17. Regression and Correlation IV: Diagnostics, Influence, and Model Reporting

17.0 Notation Table

Notation (symbols used in this module)
Symbol	Meaning
\(y_i\)	observed response for unit \(i\)
\(\hat{y}_i\)	fitted value for unit \(i\)
\(e_i = y_i - \hat{y}_i\)	ordinary residual
\(n\)	number of observations
\(k\)	number of predictors (excluding intercept)
\(p = k+1\)	number of parameters (including intercept)
\(X\)	design matrix (includes intercept column)
\(\beta\)	regression coefficient vector (population)
\(b\)	least squares estimate of \(\beta\)
\(s^2\)	mean square error (MSE) from fitted model, \(s^2=SSE/(n-p)\)
\(H = X(X^\top X)^{-1}X^\top\)	hat matrix
\(h_{ii}\)	leverage (diagonal of \(H\))
\(r_i\)	internally studentized residual
\(t_i\)	externally studentized (R-student) residual
\(\delta_i\)	PRESS residual (leave-one-out)
\(\mathrm{PRESS}\)	prediction sum of squares
\(R^2\)	in-sample coefficient of determination
\(R^2_{\mathrm{pred}}\)	prediction \(R^2\) based on PRESS
\(C_p\)	Mallows’ \(C_p\) statistic
\(D_i\)	Cook’s distance (influence measure)

17.1 Introduction

In earlier regression modules, the emphasis was on fitting a model, interpreting coefficients, and performing inference for mean response and prediction. Those conclusions are reliable only when the model is adequate for the data and when a small number of problematic observations is not dominating the fit.
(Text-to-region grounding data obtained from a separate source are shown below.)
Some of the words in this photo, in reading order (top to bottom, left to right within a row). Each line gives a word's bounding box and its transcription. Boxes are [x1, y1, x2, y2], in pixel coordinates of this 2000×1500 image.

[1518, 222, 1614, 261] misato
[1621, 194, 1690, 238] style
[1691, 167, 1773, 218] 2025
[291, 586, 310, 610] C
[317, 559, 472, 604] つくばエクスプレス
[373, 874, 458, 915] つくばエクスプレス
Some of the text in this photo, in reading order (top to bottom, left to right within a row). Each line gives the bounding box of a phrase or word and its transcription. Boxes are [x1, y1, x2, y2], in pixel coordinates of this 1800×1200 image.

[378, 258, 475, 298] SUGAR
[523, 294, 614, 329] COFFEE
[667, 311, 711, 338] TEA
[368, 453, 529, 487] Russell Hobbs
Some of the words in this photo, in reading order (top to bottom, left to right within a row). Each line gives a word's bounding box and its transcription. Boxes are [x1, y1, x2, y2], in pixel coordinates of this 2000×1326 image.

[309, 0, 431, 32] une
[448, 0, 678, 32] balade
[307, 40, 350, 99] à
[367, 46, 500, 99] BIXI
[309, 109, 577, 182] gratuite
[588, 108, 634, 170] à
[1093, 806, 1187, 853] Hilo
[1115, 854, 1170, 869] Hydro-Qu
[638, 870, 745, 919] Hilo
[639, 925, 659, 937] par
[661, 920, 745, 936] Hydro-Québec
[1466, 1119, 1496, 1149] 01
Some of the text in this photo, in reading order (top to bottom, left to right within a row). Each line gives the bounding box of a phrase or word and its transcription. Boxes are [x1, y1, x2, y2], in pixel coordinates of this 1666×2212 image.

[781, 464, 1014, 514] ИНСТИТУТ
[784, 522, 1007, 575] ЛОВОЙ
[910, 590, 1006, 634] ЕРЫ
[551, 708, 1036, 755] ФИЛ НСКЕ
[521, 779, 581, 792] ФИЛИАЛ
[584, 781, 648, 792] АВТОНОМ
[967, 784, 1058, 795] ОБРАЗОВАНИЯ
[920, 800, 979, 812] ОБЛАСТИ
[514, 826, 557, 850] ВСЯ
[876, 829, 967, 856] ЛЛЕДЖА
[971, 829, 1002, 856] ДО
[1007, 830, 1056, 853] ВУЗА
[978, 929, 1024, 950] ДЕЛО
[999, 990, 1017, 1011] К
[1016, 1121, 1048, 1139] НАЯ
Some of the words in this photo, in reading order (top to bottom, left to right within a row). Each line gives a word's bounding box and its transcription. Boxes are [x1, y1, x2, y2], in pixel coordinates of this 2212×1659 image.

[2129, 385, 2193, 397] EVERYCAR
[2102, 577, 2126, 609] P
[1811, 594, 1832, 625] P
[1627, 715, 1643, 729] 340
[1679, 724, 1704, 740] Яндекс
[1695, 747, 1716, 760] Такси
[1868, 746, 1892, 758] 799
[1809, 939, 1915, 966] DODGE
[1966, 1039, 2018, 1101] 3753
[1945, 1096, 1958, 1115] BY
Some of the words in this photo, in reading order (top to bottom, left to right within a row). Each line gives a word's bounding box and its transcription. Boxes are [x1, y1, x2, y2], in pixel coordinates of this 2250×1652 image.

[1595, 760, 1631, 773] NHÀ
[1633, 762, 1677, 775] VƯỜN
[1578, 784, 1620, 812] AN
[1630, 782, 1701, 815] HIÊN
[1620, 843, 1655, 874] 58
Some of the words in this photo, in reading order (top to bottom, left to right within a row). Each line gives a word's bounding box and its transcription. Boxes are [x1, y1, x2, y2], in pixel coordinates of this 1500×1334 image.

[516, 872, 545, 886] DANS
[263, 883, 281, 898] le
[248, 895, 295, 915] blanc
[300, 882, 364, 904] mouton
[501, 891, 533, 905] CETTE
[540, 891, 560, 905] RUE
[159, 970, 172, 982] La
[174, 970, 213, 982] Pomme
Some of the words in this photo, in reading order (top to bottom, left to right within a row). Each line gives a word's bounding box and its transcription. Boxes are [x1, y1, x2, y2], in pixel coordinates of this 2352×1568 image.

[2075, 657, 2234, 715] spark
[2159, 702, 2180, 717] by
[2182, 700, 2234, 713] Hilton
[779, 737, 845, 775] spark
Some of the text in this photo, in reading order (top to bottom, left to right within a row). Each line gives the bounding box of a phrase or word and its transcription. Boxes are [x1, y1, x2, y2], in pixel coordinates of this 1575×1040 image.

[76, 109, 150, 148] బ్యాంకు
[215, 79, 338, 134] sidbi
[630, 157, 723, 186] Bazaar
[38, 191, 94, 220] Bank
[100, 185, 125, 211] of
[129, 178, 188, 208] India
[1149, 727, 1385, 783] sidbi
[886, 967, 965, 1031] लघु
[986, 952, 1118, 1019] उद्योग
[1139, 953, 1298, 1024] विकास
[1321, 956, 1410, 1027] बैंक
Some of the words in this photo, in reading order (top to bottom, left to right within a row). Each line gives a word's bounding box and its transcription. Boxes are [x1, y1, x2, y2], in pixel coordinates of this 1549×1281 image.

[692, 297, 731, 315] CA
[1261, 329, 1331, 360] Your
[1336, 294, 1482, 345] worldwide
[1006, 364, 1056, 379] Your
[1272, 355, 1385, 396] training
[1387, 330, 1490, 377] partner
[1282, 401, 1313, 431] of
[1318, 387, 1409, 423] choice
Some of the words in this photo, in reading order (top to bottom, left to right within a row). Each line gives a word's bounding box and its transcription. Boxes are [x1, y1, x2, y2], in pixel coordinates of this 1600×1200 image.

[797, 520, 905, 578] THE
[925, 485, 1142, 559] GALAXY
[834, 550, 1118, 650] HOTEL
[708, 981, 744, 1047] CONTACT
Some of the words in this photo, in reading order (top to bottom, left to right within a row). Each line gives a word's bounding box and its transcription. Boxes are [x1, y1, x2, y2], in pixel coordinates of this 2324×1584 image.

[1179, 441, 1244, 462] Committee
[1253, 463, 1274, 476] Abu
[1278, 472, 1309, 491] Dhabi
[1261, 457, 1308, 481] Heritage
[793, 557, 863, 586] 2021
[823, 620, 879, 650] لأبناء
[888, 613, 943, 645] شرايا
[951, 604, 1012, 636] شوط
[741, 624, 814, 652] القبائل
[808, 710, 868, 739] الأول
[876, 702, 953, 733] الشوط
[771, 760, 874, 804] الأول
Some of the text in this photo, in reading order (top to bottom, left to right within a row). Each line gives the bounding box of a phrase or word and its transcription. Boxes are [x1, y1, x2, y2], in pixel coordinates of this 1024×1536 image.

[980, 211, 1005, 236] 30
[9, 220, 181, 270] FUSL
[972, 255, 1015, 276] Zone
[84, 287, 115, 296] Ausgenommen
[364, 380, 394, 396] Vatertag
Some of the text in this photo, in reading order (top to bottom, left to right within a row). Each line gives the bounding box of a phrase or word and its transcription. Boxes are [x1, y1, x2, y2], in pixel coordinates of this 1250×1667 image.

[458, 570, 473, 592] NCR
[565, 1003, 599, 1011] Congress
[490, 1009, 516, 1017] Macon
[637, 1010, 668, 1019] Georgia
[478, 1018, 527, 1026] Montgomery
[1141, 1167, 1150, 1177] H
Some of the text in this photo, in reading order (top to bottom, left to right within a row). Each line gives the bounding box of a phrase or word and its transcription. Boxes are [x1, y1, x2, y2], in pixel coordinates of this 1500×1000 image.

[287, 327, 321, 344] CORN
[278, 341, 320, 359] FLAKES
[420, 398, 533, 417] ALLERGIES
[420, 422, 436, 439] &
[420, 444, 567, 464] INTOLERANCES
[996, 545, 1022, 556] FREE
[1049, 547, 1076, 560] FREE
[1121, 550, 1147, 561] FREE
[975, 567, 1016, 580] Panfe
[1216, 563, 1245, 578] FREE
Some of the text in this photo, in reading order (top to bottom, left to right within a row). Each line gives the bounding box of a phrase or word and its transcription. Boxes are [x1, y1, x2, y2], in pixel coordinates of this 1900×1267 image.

This module develops a practical workflow for checking model adequacy and reporting results responsibly. The focus is on residual analysis, detection of outliers and misspecification, identification of influential observations, and prediction-oriented assessment using leave-one-out logic and the PRESS statistic. The module closes with a reporting template that aligns diagnostics, purpose, and conclusions.

17.2 Learning Outcomes

After completing this module, students should be able to:

Explain why model checking is required before relying on coefficient tests and intervals.
Compute and interpret scaled residual diagnostics, including studentized and R-student residuals.
Use residual plots to detect outliers, nonconstant variance, and mean-function misspecification.
Explain leverage and influence, and describe how \(h_{ii}\) affects diagnostic scaling.
Describe prediction-focused assessment using leave-one-out logic and the PRESS statistic.
Compare candidate regression models using simple criteria and report a defensible final model.

17.3 Main Concepts

17.3.1 Model adequacy in regression

Regression inference is conditional on a working error model. Under independent sampling, a common set of conditions is:

Mean structure is adequate (the chosen predictors and functional form capture the systematic pattern in \(E(Y\mid X)\)).
Errors have mean zero given predictors: \(E(\varepsilon\mid X)=0\).
Errors have constant variance \(\sigma^2\) (or at least no severe heteroscedasticity for the intended procedures).
Errors are approximately Normal when using small-sample \(t\) and \(F\) reference distributions.

Diagnostics are part of the inferential contract. If diagnostics show strong violations, then standard errors, tests, and intervals may not describe the intended uncertainty, and predictions may be unstable.

17.3.2 Residuals and scale-free residual diagnostics

The ordinary residual is

\[e_i = y_i - \hat{y}_i.\]

Raw residual magnitudes are not directly comparable across observations because the residual variance depends on leverage. Leverage values are the diagonal elements of the hat matrix:

\[H = X(X^\top X)^{-1}X^\top,\qquad \hat{\mathbf{y}} = H\mathbf{y},\qquad h_{ii}=\text{diag}(H).\]

A standard scale-free residual is the internally studentized residual:

\[r_i = \frac{e_i}{s\sqrt{1-h_{ii}}},\]

where \(s^2=SSE/(n-p)\) is the fitted model MSE. Studentization adjusts for the fact that high-leverage observations have smaller residual variance under the fitted model.

A more sensitive outlier diagnostic is the externally studentized (R-student) residual:

\[t_i = \frac{e_i}{s_{-i}\sqrt{1-h_{ii}}},\]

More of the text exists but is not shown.